GOAL OF THE EXERCISE:
Exactly as written, transcribe each line of the listing.

++++++++

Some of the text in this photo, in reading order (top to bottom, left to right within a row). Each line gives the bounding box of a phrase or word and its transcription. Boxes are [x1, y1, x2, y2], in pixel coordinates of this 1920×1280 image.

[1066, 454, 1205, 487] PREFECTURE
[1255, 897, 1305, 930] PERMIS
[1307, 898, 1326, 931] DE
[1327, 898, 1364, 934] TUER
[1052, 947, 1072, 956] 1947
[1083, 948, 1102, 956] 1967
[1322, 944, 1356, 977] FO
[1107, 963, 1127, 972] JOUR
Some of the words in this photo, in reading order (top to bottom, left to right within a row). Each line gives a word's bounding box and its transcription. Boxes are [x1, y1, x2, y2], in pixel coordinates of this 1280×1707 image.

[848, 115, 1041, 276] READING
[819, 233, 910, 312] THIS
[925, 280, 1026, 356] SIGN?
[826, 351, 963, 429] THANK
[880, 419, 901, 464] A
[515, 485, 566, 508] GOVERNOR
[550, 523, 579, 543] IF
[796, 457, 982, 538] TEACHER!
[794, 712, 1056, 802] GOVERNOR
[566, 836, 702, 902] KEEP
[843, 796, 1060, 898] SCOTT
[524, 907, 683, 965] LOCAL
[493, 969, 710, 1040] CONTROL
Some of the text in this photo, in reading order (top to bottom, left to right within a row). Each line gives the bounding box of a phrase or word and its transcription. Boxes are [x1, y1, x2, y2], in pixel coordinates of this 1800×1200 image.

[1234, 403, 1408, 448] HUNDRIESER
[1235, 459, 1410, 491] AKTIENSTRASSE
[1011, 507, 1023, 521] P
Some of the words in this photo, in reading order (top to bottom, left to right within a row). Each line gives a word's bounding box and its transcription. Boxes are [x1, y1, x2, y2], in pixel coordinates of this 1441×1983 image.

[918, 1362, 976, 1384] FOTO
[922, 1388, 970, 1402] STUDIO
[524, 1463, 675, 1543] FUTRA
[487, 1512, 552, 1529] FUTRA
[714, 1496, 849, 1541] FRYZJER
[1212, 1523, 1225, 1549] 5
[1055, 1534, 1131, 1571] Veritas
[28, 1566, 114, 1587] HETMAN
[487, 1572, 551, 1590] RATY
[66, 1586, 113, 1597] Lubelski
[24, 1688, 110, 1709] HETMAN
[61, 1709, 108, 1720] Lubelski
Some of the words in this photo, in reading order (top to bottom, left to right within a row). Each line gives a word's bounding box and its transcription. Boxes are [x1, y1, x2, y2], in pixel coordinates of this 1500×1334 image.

++++++++

WRITTEN ANSWER:
Some of the text in this photo, in reading order (top to bottom, left to right within a row). Each line gives the bounding box of a phrase or word and its transcription. Boxes are [x1, y1, x2, y2], in pixel coordinates of this 1920×1280 image.

[1066, 454, 1205, 487] PREFECTURE
[1255, 897, 1305, 930] PERMIS
[1307, 898, 1326, 931] DE
[1327, 898, 1364, 934] TUER
[1052, 947, 1072, 956] 1947
[1083, 948, 1102, 956] 1967
[1322, 944, 1356, 977] FO
[1107, 963, 1127, 972] JOUR
Some of the words in this photo, in reading order (top to bottom, left to right within a row). Each line gives a word's bounding box and its transcription. Boxes are [x1, y1, x2, y2], in pixel coordinates of this 1280×1707 image.

[848, 115, 1041, 276] READING
[819, 233, 910, 312] THIS
[925, 280, 1026, 356] SIGN?
[826, 351, 963, 429] THANK
[880, 419, 901, 464] A
[515, 485, 566, 508] GOVERNOR
[550, 523, 579, 543] IF
[796, 457, 982, 538] TEACHER!
[794, 712, 1056, 802] GOVERNOR
[566, 836, 702, 902] KEEP
[843, 796, 1060, 898] SCOTT
[524, 907, 683, 965] LOCAL
[493, 969, 710, 1040] CONTROL
Some of the text in this photo, in reading order (top to bottom, left to right within a row). Each line gives the bounding box of a phrase or word and its transcription. Boxes are [x1, y1, x2, y2], in pixel coordinates of this 1800×1200 image.

[1234, 403, 1408, 448] HUNDRIESER
[1235, 459, 1410, 491] AKTIENSTRASSE
[1011, 507, 1023, 521] P
Some of the words in this photo, in reading order (top to bottom, left to right within a row). Each line gives a word's bounding box and its transcription. Boxes are [x1, y1, x2, y2], in pixel coordinates of this 1441×1983 image.

[918, 1362, 976, 1384] FOTO
[922, 1388, 970, 1402] STUDIO
[524, 1463, 675, 1543] FUTRA
[487, 1512, 552, 1529] FUTRA
[714, 1496, 849, 1541] FRYZJER
[1212, 1523, 1225, 1549] 5
[1055, 1534, 1131, 1571] Veritas
[28, 1566, 114, 1587] HETMAN
[487, 1572, 551, 1590] RATY
[66, 1586, 113, 1597] Lubelski
[24, 1688, 110, 1709] HETMAN
[61, 1709, 108, 1720] Lubelski
Some of the words in this photo, in reading order (top to bottom, left to right within a row). Each line gives a word's bounding box and its transcription. Boxes are [x1, y1, x2, y2], in pixel coordinates of this 1500×1334 image.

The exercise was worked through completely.